Here is output from a sample run of the exact same code as in your question:
>>> access
accessed
>>> add
added
>>> george
Invalid command, please try again
>>> compare
compared
>>> quit
>>> quit
I am required to enter quit twice because method enterCommand is being called from method checkCommand. You don't need to do this. The while loop, in method enterCommand will ensure that the user is prompted again to enter a command – even after [s]he has entered an invalid command.
Calling enterCommand from checkCommand means that you are essentially calling enterCommand recursively.

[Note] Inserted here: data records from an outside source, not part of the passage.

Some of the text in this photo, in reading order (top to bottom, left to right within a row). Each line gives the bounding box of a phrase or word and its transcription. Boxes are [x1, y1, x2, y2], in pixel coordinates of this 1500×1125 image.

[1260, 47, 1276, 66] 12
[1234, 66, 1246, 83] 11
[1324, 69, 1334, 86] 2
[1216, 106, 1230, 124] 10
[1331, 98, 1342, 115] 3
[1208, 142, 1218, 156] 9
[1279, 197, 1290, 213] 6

In the above output, I needed to enter quit twice, since I only entered a single, invalid command. I suggest that you run your code in a debugger to understand why you get this behavior.

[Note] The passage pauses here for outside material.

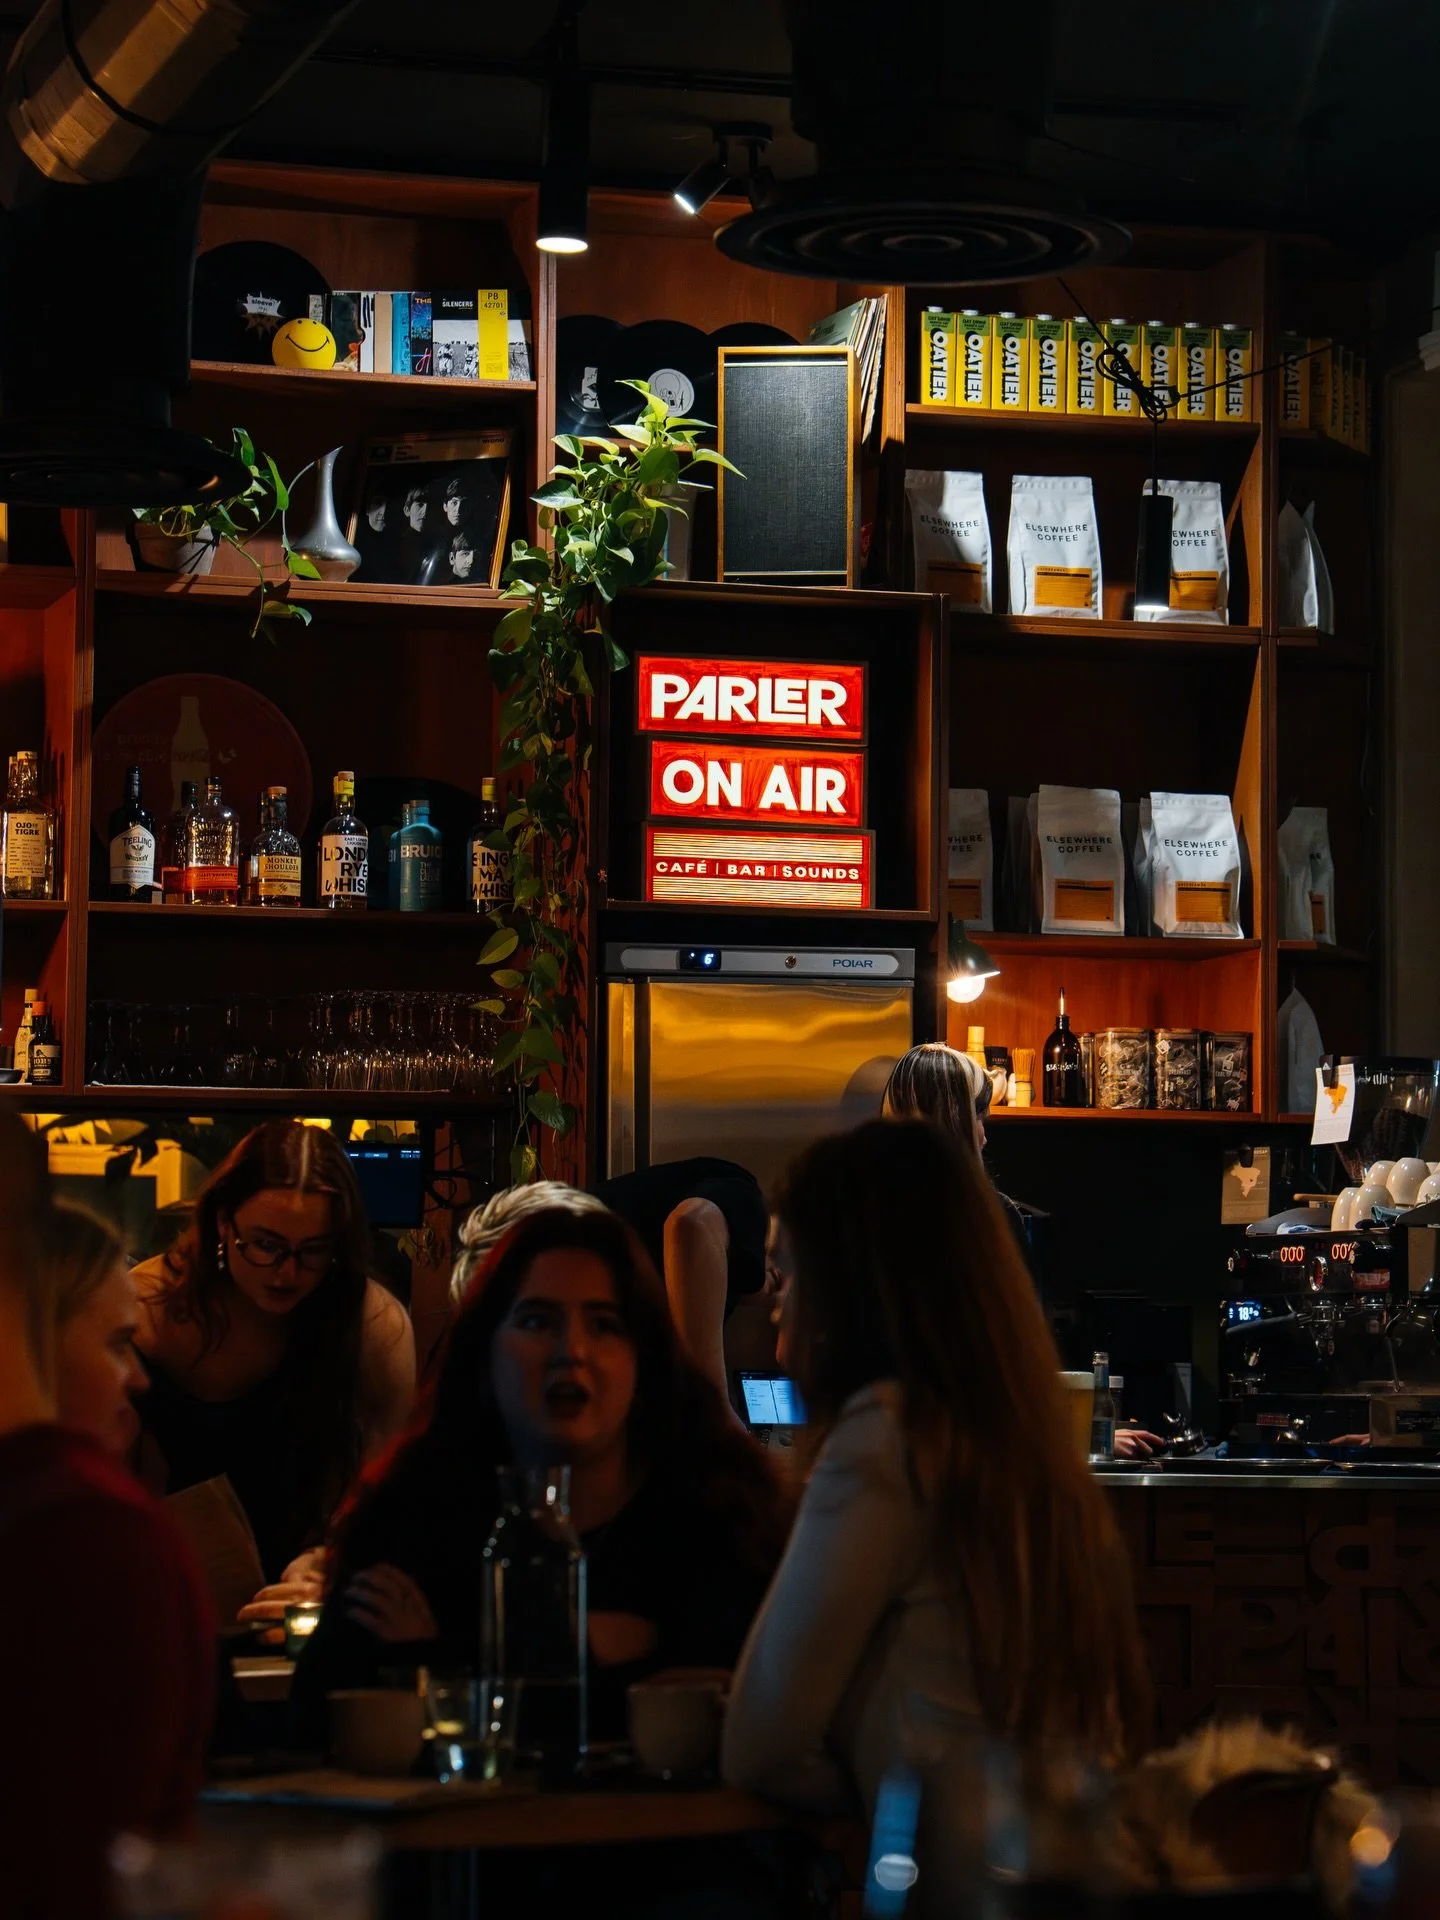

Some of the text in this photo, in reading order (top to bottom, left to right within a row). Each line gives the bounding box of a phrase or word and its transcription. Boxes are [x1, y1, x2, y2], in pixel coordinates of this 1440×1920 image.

As #OldDogProgrammer wrote in his comment to your question, you should create a Scanner object only once rather than each time method enterCommand executes.
As #MadProgrammer wrote in his comment, a do-while loop may be more appropriate than a plain while loop.

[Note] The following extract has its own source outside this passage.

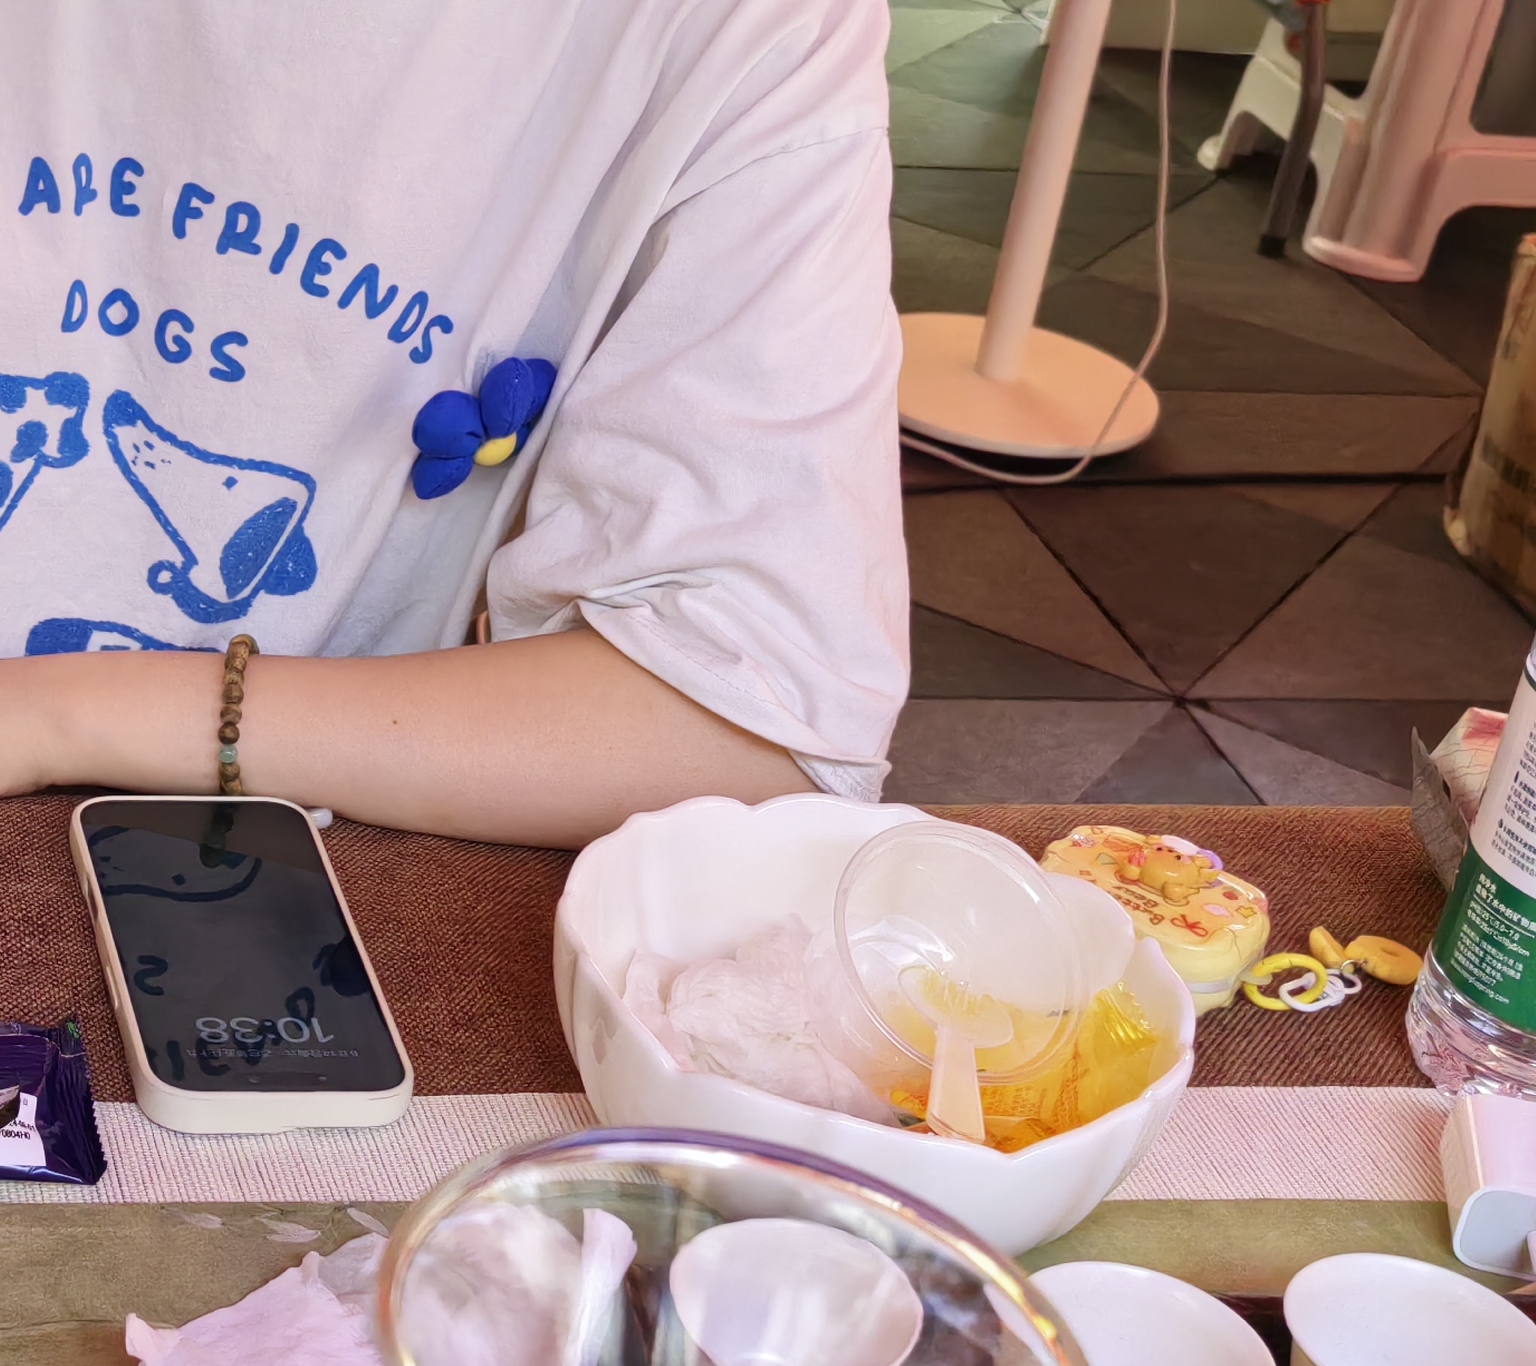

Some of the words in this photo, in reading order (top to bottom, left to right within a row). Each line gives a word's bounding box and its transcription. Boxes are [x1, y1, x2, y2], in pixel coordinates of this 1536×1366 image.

[172, 181, 455, 365] FRIENDS
[61, 280, 251, 383] DOGS
[194, 1016, 335, 1045] 10:38

Also, quit is not an invalid command so I think that you need to handle that command in method checkCommand and the handling is that you just ignore the command. Since you are using switch expressions, I couldn't find a way to "ignore" a case so in the below code I simply print an empty string. Alternatively, you could print an appropriate message such as Good bye, for example.
import java.util.Scanner;
public class Main {
private static Scanner usrInput;
static void checkCommand(String command) {
switch (command) {
case "add" -> System.out.println("added");
case "access" -> System.out.println("accessed");
case "compare" -> System.out.println("compared");
case "quit" -> System.out.print("");
default -> {
System.out.println("Invalid command, please try again");
}
}
}
static void enterCommand() {
String input;
do {
System.out.print(">>> ");
input = usrInput.nextLine();
checkCommand(input);
} while (!input.equals("quit"));
}
public static void main(String[] args) {
usrInput = new Scanner(System.in);
enterCommand();
}
}
Here is the output when I ran the above code:
>>> access
accessed
>>> add
added
>>> George
Invalid command, please try again
>>> compare
compared
>>> quit
As you can see, I only need to enter quit once.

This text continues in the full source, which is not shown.